■ **Your goal**
Below are records; from the line containing "this 1000×1000 image." through the very last line, output each line exactly. No pictures.

*** Opening Information shown ***

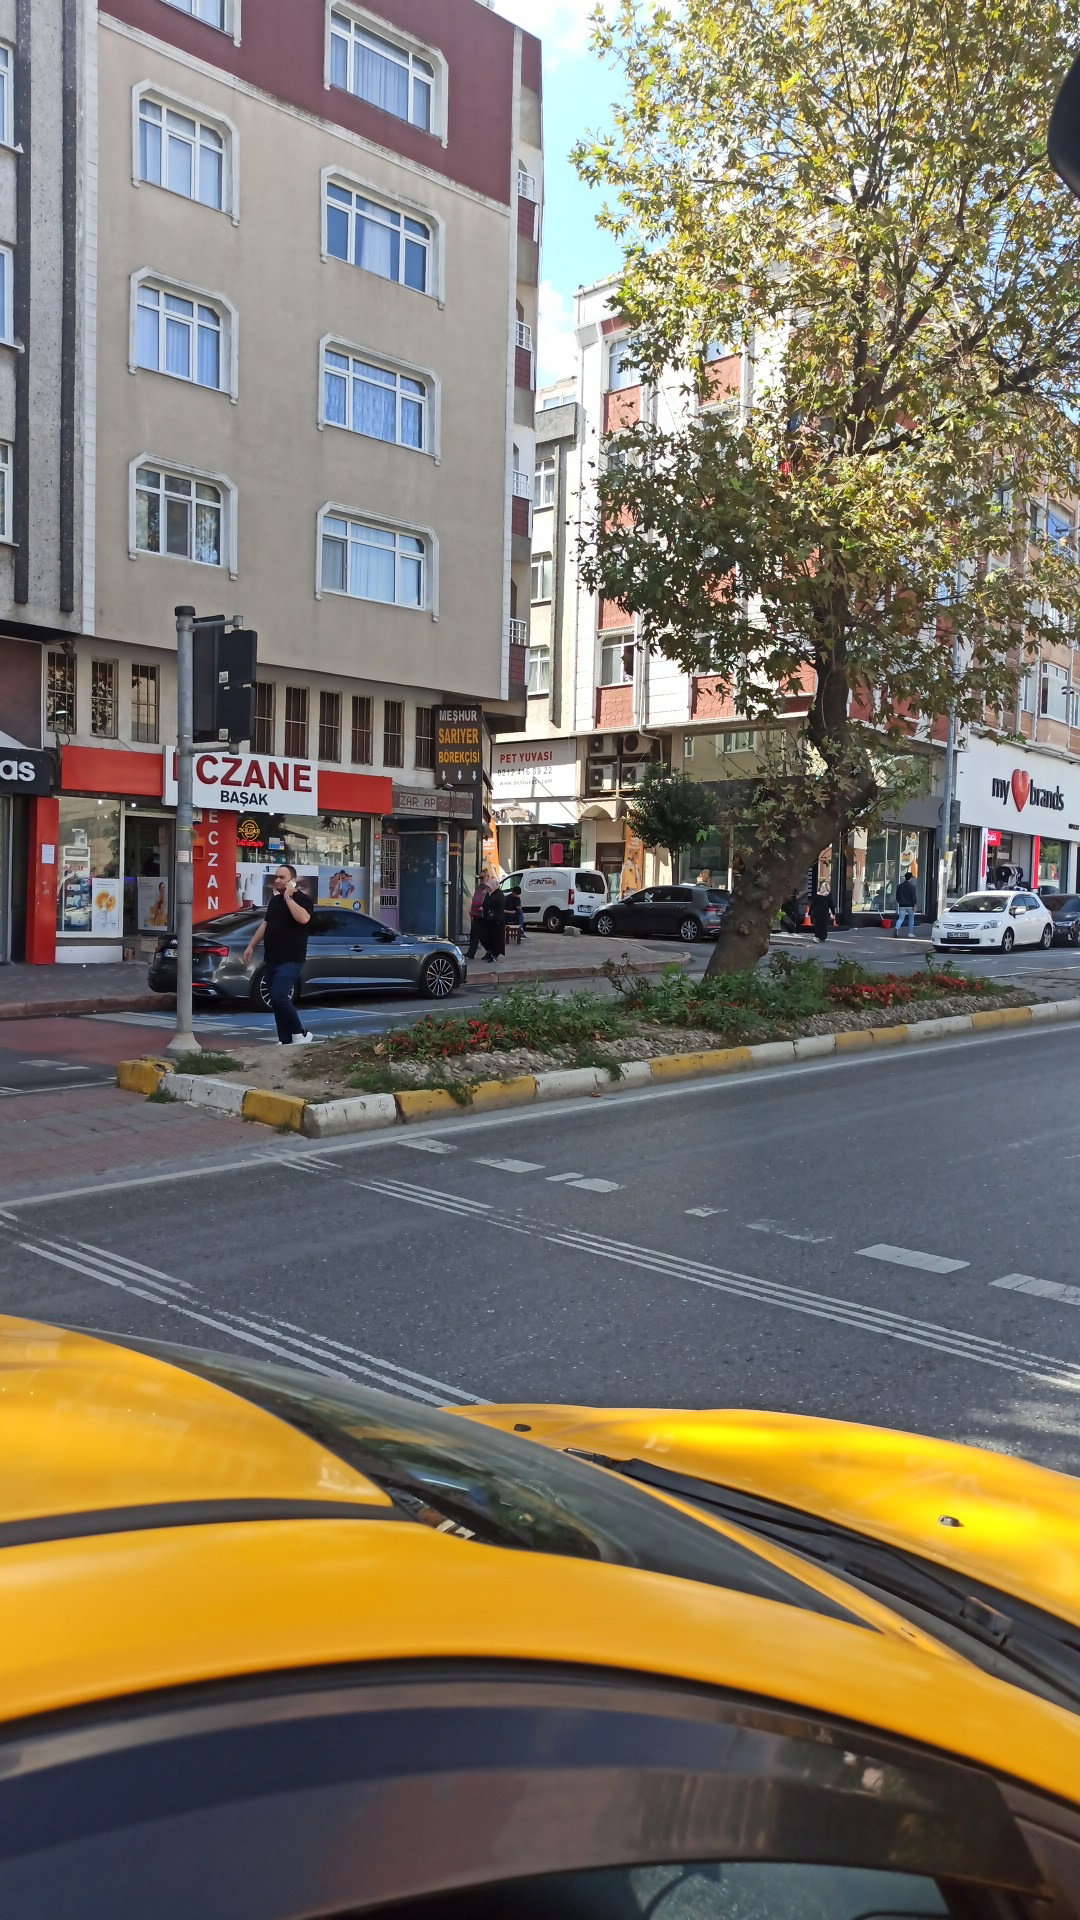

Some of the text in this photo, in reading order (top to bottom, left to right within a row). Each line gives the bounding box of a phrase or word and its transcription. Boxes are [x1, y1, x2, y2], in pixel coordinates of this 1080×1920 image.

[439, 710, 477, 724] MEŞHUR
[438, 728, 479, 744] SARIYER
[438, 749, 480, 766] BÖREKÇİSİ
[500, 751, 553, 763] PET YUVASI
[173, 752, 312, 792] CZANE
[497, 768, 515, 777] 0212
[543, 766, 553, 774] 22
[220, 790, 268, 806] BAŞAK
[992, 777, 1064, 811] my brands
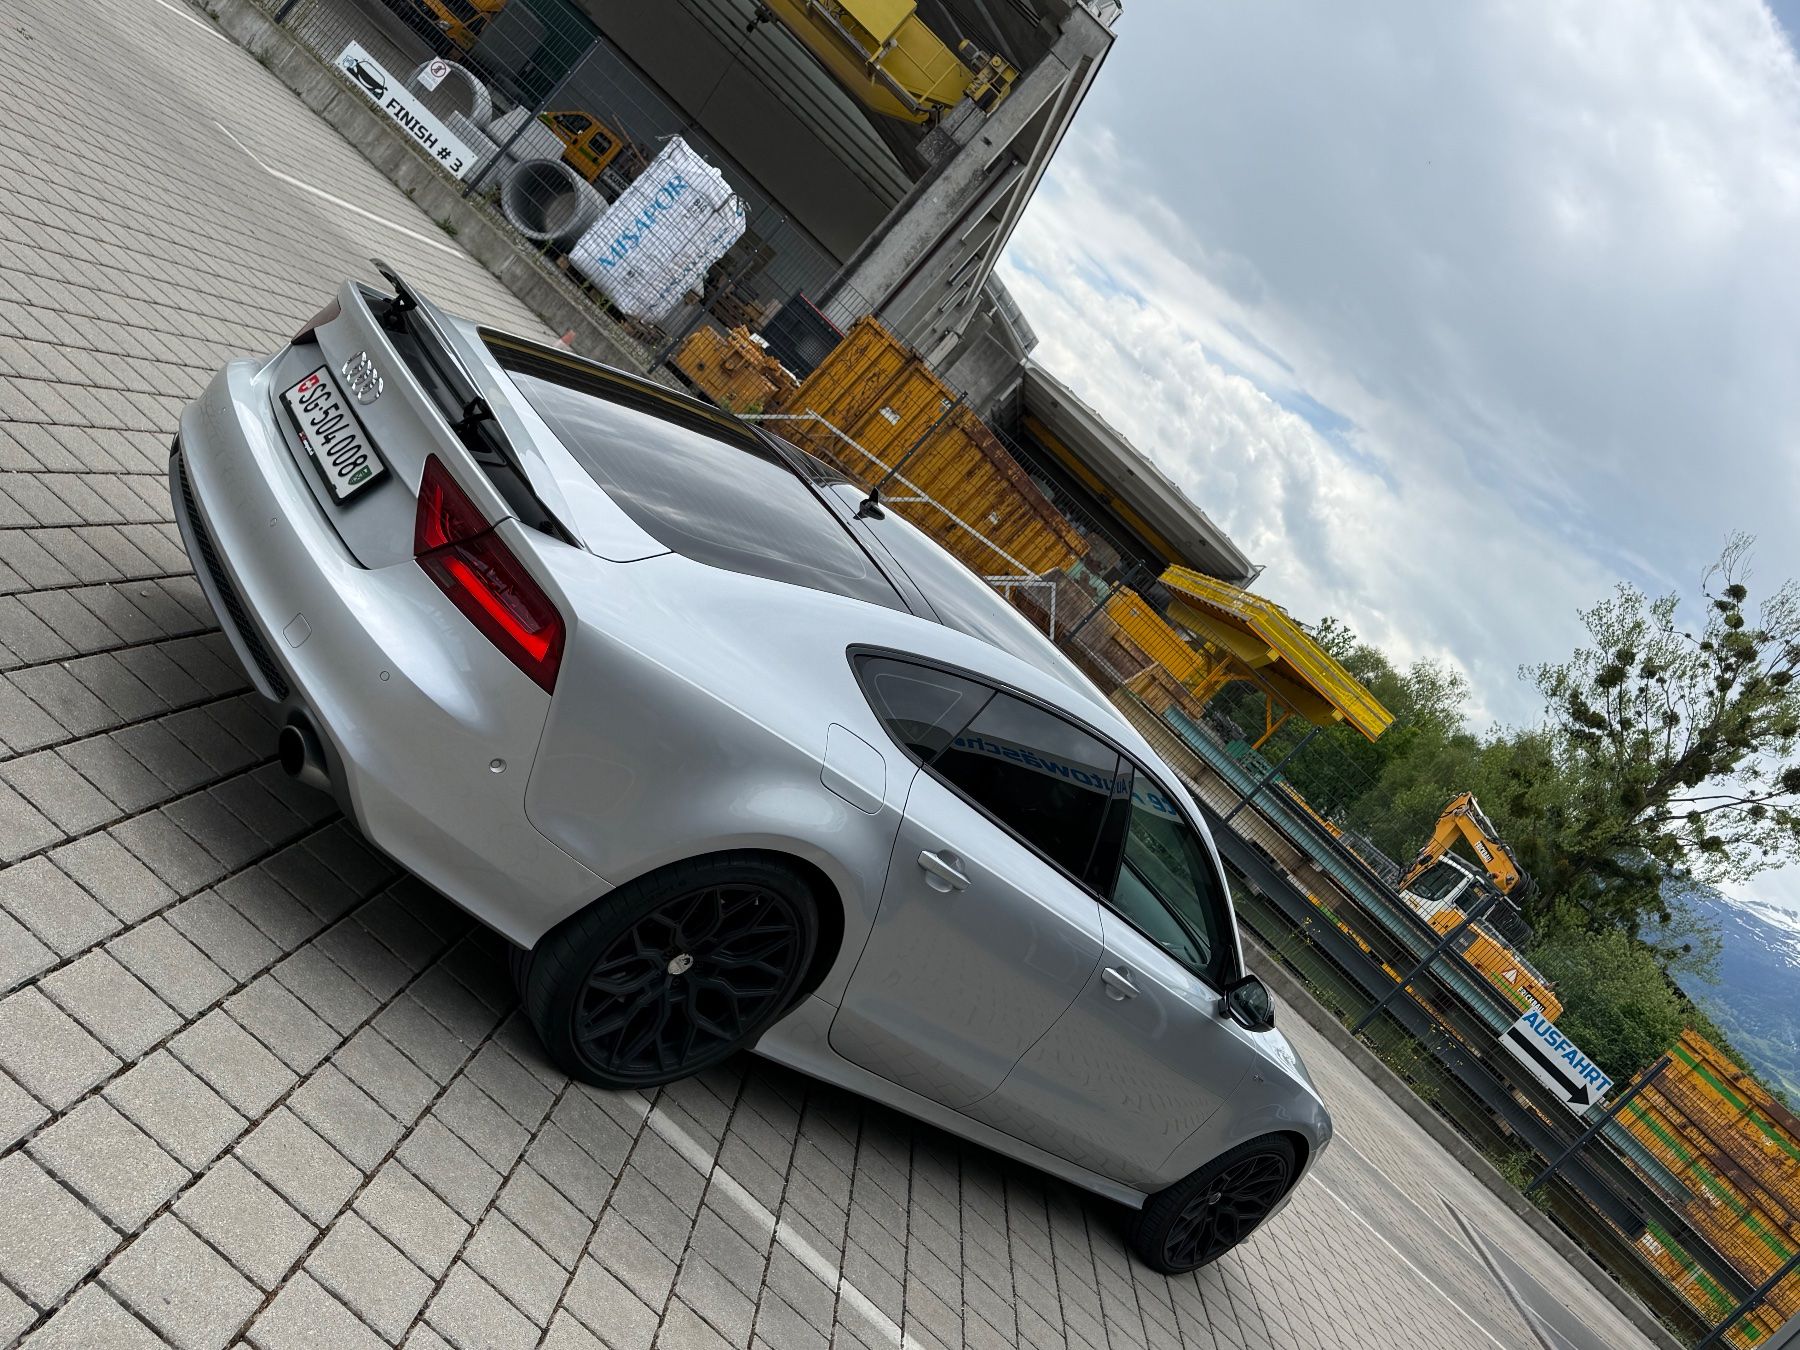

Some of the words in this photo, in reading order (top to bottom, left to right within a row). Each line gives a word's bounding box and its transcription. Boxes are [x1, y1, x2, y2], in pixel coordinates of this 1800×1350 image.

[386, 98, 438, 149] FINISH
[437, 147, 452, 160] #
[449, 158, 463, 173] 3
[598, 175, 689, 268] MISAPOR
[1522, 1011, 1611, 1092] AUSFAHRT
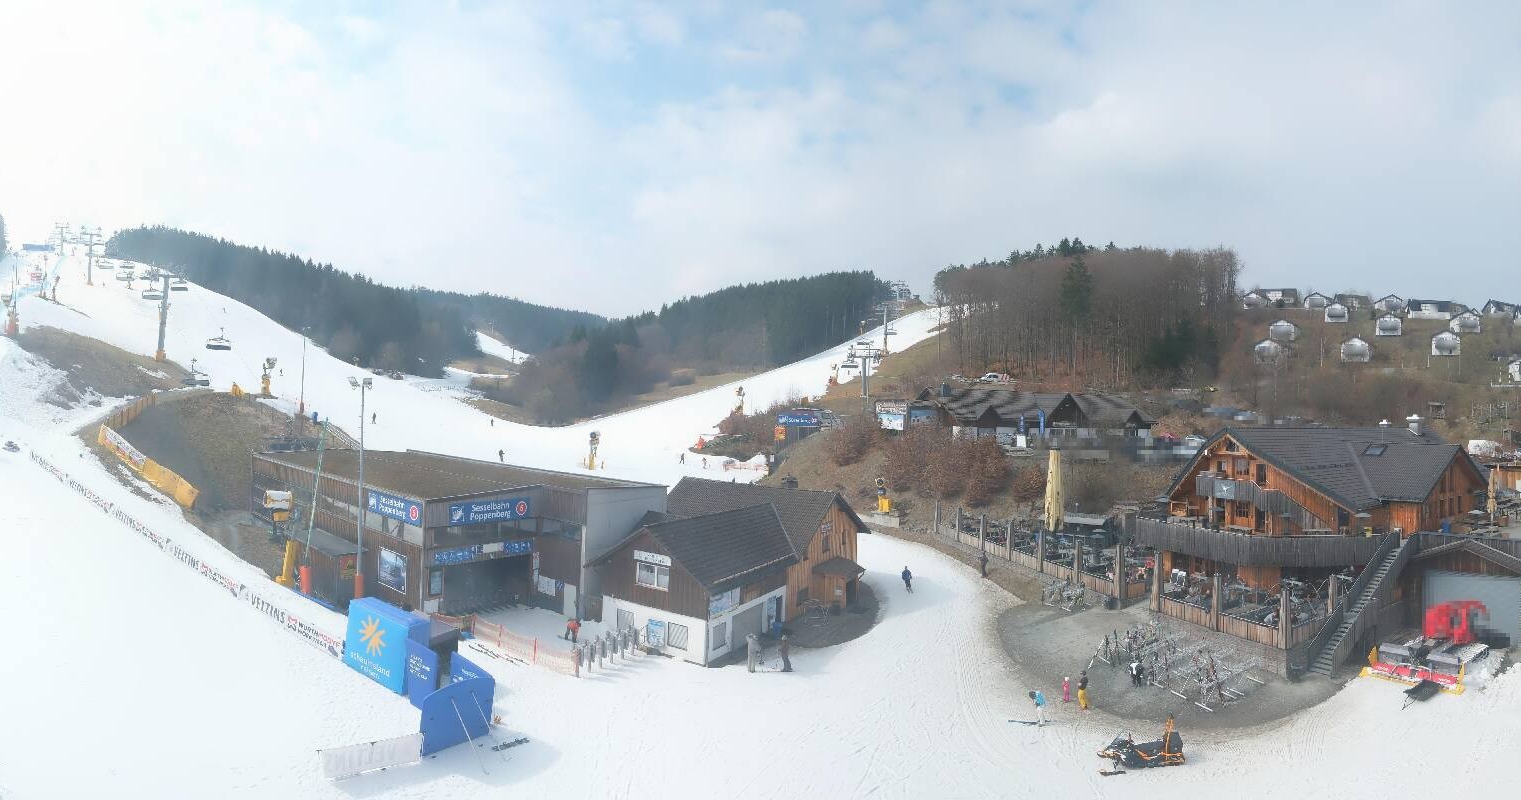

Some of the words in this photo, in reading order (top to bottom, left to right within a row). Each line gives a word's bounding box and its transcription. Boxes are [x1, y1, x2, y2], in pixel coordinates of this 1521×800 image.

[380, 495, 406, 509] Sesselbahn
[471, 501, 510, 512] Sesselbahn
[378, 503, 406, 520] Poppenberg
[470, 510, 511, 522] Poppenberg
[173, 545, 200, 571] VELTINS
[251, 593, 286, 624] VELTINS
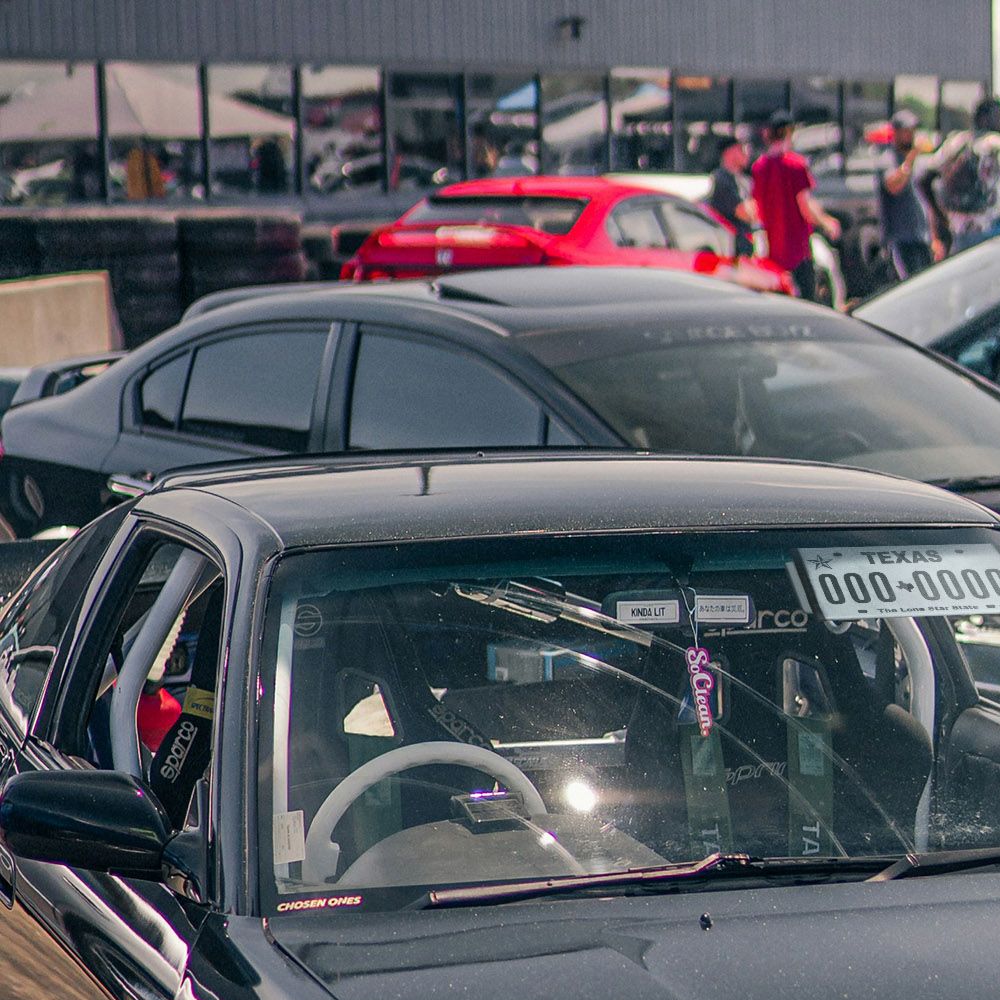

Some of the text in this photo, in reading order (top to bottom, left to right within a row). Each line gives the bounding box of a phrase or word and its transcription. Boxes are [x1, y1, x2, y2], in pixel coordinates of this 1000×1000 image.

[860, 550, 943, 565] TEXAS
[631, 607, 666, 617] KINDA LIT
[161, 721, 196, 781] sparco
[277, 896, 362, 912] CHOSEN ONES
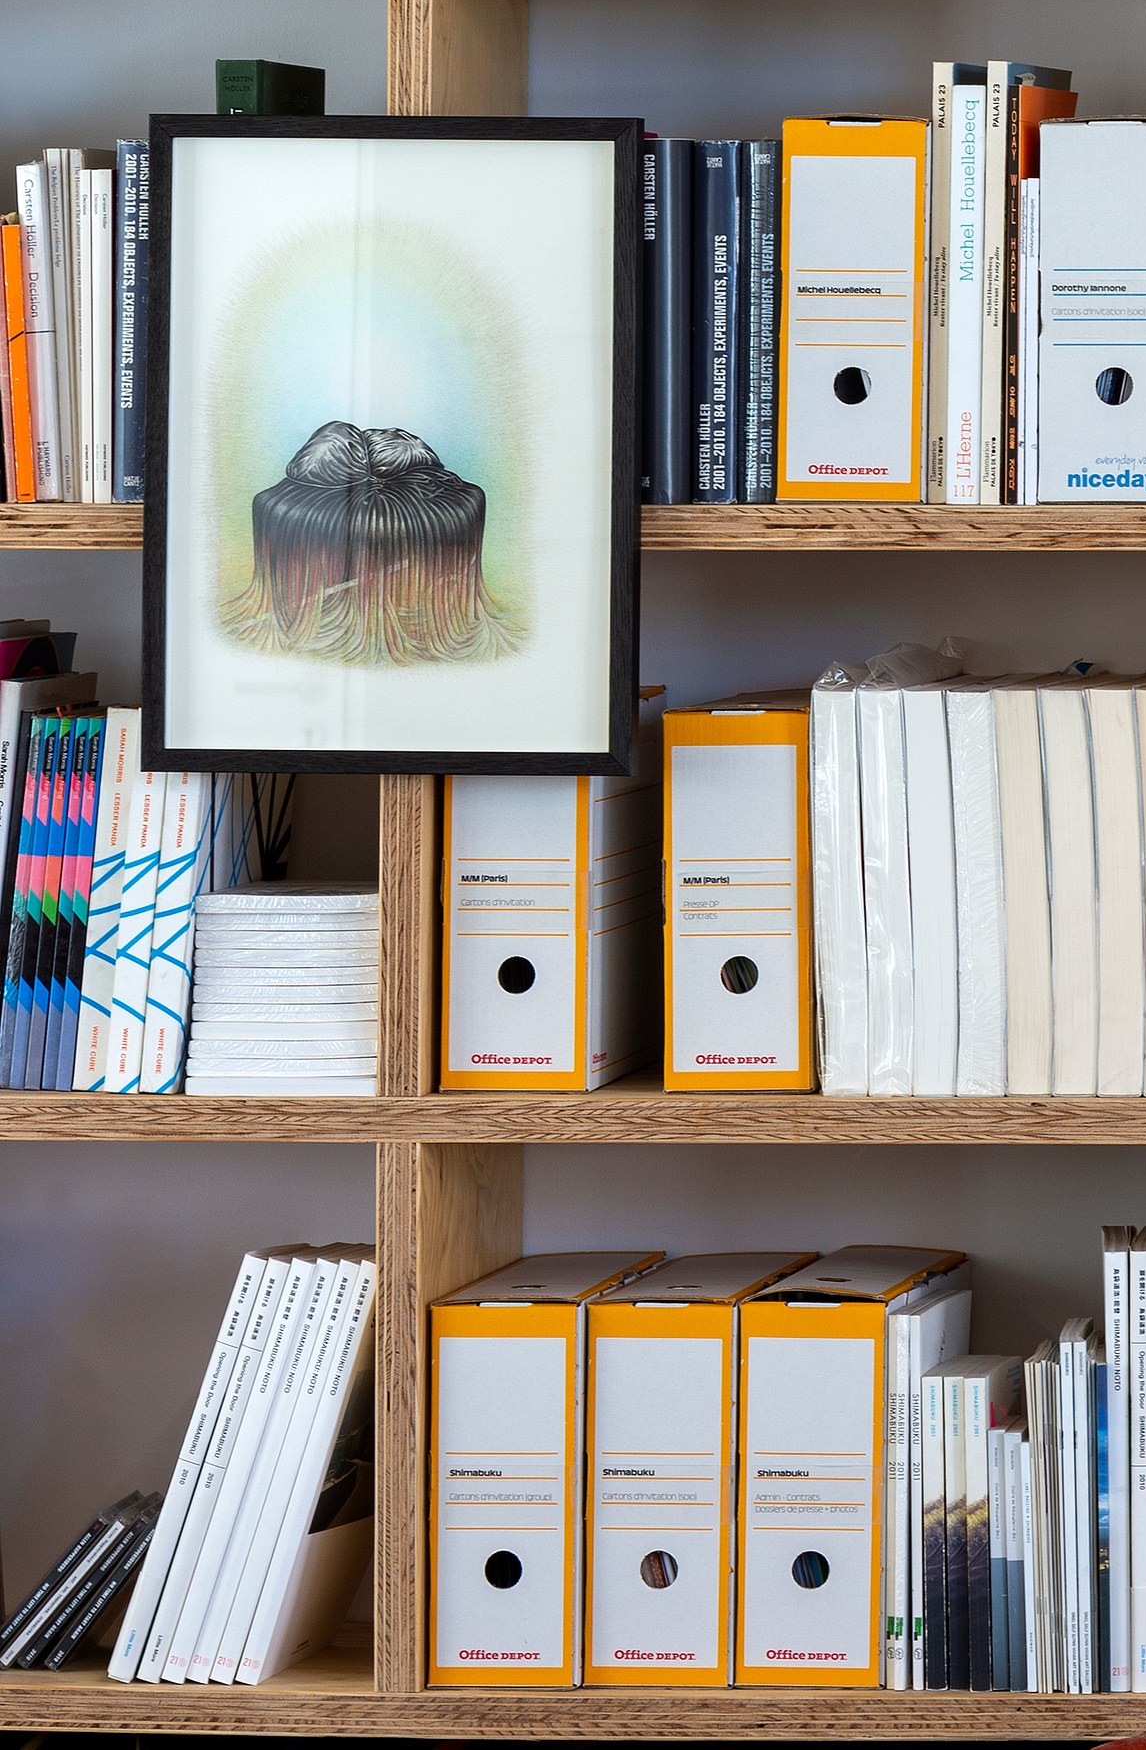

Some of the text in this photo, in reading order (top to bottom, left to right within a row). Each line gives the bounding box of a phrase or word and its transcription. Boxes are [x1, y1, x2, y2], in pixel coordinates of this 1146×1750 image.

*** Closing Information shown ***

■ **Answer to this task**
Some of the text in this photo, in reading order (top to bottom, left to right within a row). Each line gives the bounding box of a phrase or word and its transcription. Boxes are [x1, y1, x2, y2], in pixel coordinates of this 1000×1000 image.

[860, 550, 943, 565] TEXAS
[631, 607, 666, 617] KINDA LIT
[161, 721, 196, 781] sparco
[277, 896, 362, 912] CHOSEN ONES

Some of the text in this photo, in reading order (top to bottom, left to right within a row). Each line gives the bounding box of a phrase or word and its transcription. Boxes are [x1, y1, x2, y2], in pixel coordinates of this 1146×1750 image.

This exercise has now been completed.